- _EXERCISE PROMPT_
Word for word, copy all of the entries.

- _RECORDS SUPPLIED_

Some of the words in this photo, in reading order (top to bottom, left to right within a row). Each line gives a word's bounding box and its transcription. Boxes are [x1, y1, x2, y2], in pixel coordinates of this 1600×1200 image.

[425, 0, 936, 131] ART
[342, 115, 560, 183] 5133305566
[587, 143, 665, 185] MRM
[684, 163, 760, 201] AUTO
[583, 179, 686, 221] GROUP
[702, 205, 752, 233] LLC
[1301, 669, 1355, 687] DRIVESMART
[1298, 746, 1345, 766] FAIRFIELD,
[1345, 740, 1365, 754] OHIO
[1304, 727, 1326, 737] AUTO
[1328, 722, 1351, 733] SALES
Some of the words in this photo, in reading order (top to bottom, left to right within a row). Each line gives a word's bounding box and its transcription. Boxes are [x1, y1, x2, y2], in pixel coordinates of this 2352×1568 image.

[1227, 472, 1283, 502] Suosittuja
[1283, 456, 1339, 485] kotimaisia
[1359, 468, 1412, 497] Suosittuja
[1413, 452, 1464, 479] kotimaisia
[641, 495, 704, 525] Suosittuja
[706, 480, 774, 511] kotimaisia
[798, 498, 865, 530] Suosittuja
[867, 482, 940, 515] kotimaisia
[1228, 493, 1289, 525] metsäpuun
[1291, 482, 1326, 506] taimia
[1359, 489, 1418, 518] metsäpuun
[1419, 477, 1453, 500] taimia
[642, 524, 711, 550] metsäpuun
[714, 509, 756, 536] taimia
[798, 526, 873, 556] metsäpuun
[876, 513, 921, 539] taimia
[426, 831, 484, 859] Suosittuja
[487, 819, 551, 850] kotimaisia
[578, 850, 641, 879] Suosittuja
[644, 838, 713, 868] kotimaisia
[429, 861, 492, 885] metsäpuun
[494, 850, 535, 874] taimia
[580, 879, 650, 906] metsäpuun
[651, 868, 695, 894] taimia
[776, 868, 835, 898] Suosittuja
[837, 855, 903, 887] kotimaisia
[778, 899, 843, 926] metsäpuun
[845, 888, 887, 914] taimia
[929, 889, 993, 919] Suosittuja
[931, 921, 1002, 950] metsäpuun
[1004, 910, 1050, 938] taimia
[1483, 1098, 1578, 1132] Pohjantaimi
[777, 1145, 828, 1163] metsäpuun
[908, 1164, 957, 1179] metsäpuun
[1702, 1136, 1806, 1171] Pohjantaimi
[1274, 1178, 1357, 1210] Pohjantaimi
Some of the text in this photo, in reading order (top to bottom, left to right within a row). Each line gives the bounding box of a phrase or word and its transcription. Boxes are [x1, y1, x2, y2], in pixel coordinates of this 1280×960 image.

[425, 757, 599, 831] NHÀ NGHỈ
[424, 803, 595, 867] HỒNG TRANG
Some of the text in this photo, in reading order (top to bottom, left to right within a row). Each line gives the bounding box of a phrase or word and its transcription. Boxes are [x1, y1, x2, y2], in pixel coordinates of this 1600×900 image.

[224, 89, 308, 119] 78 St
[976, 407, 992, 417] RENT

- _SOLUTION TO THIS EXERCISE_
Some of the words in this photo, in reading order (top to bottom, left to right within a row). Each line gives a word's bounding box and its transcription. Boxes are [x1, y1, x2, y2], in pixel coordinates of this 1600×1200 image.

[425, 0, 936, 131] ART
[342, 115, 560, 183] 5133305566
[587, 143, 665, 185] MRM
[684, 163, 760, 201] AUTO
[583, 179, 686, 221] GROUP
[702, 205, 752, 233] LLC
[1301, 669, 1355, 687] DRIVESMART
[1298, 746, 1345, 766] FAIRFIELD,
[1345, 740, 1365, 754] OHIO
[1304, 727, 1326, 737] AUTO
[1328, 722, 1351, 733] SALES
Some of the words in this photo, in reading order (top to bottom, left to right within a row). Each line gives a word's bounding box and its transcription. Boxes are [x1, y1, x2, y2], in pixel coordinates of this 2352×1568 image.

[1227, 472, 1283, 502] Suosittuja
[1283, 456, 1339, 485] kotimaisia
[1359, 468, 1412, 497] Suosittuja
[1413, 452, 1464, 479] kotimaisia
[641, 495, 704, 525] Suosittuja
[706, 480, 774, 511] kotimaisia
[798, 498, 865, 530] Suosittuja
[867, 482, 940, 515] kotimaisia
[1228, 493, 1289, 525] metsäpuun
[1291, 482, 1326, 506] taimia
[1359, 489, 1418, 518] metsäpuun
[1419, 477, 1453, 500] taimia
[642, 524, 711, 550] metsäpuun
[714, 509, 756, 536] taimia
[798, 526, 873, 556] metsäpuun
[876, 513, 921, 539] taimia
[426, 831, 484, 859] Suosittuja
[487, 819, 551, 850] kotimaisia
[578, 850, 641, 879] Suosittuja
[644, 838, 713, 868] kotimaisia
[429, 861, 492, 885] metsäpuun
[494, 850, 535, 874] taimia
[580, 879, 650, 906] metsäpuun
[651, 868, 695, 894] taimia
[776, 868, 835, 898] Suosittuja
[837, 855, 903, 887] kotimaisia
[778, 899, 843, 926] metsäpuun
[845, 888, 887, 914] taimia
[929, 889, 993, 919] Suosittuja
[931, 921, 1002, 950] metsäpuun
[1004, 910, 1050, 938] taimia
[1483, 1098, 1578, 1132] Pohjantaimi
[777, 1145, 828, 1163] metsäpuun
[908, 1164, 957, 1179] metsäpuun
[1702, 1136, 1806, 1171] Pohjantaimi
[1274, 1178, 1357, 1210] Pohjantaimi
Some of the text in this photo, in reading order (top to bottom, left to right within a row). Each line gives the bounding box of a phrase or word and its transcription. Boxes are [x1, y1, x2, y2], in pixel coordinates of this 1280×960 image.

[425, 757, 599, 831] NHÀ NGHỈ
[424, 803, 595, 867] HỒNG TRANG
Some of the text in this photo, in reading order (top to bottom, left to right within a row). Each line gives the bounding box of a phrase or word and its transcription. Boxes are [x1, y1, x2, y2], in pixel coordinates of this 1600×900 image.

[224, 89, 308, 119] 78 St
[976, 407, 992, 417] RENT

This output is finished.